TASK DETAILS:
What is needed is a word-for-word transcript of the listing, free of pictures.

RECORDS SUPPLIED:

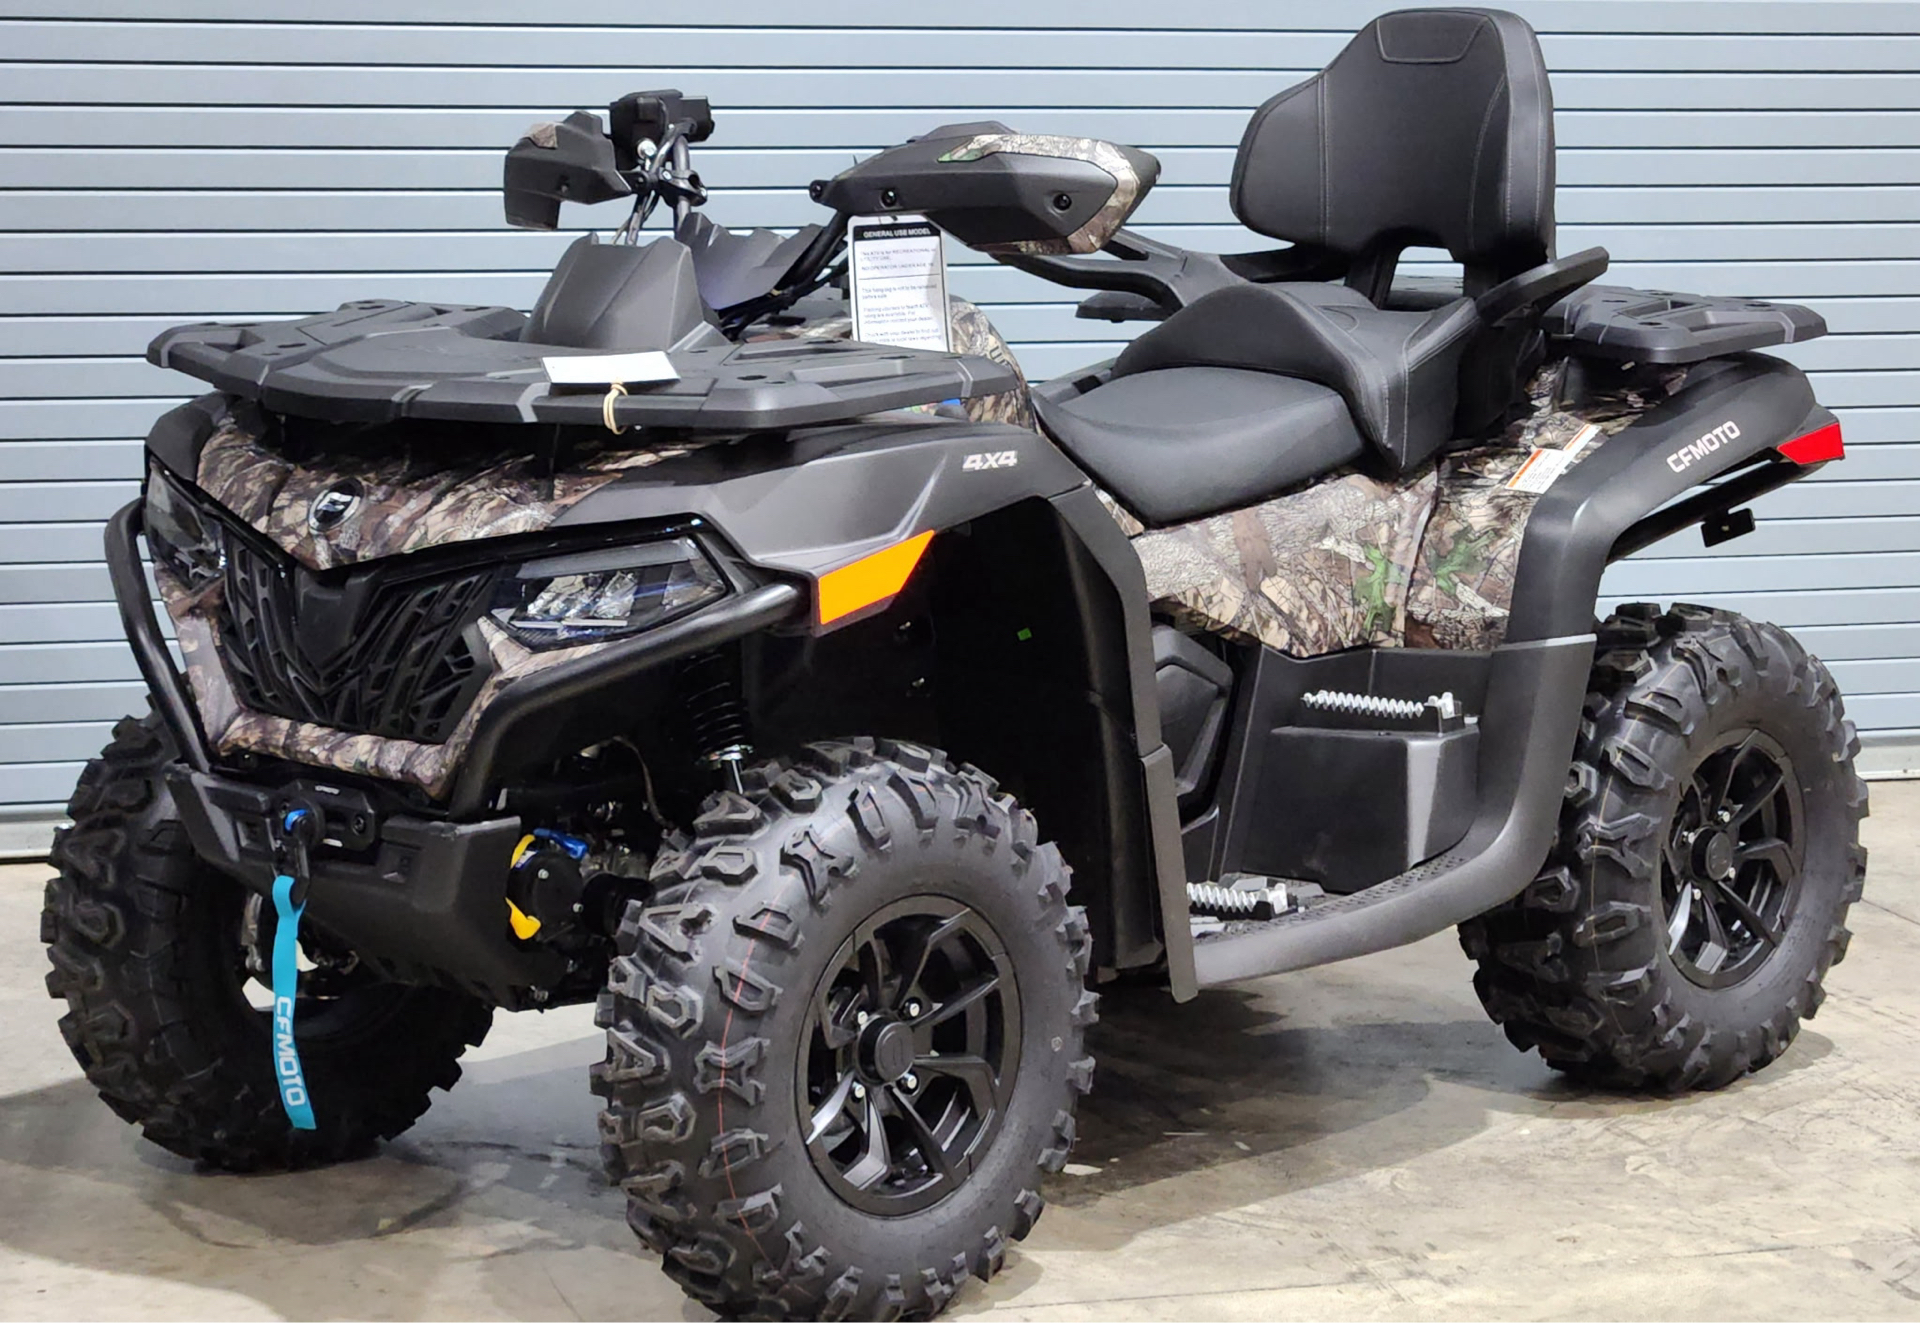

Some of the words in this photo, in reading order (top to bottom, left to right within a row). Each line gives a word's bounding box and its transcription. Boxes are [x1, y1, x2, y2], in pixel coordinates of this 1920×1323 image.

[863, 230, 893, 238] GENERAL
[908, 227, 930, 236] MODEL
[1666, 420, 1741, 473] CFMOTO
[276, 995, 306, 1107] CFMOTO

RESPONSE BELOW:
Some of the words in this photo, in reading order (top to bottom, left to right within a row). Each line gives a word's bounding box and its transcription. Boxes are [x1, y1, x2, y2], in pixel coordinates of this 1920×1323 image.

[863, 230, 893, 238] GENERAL
[908, 227, 930, 236] MODEL
[1666, 420, 1741, 473] CFMOTO
[276, 995, 306, 1107] CFMOTO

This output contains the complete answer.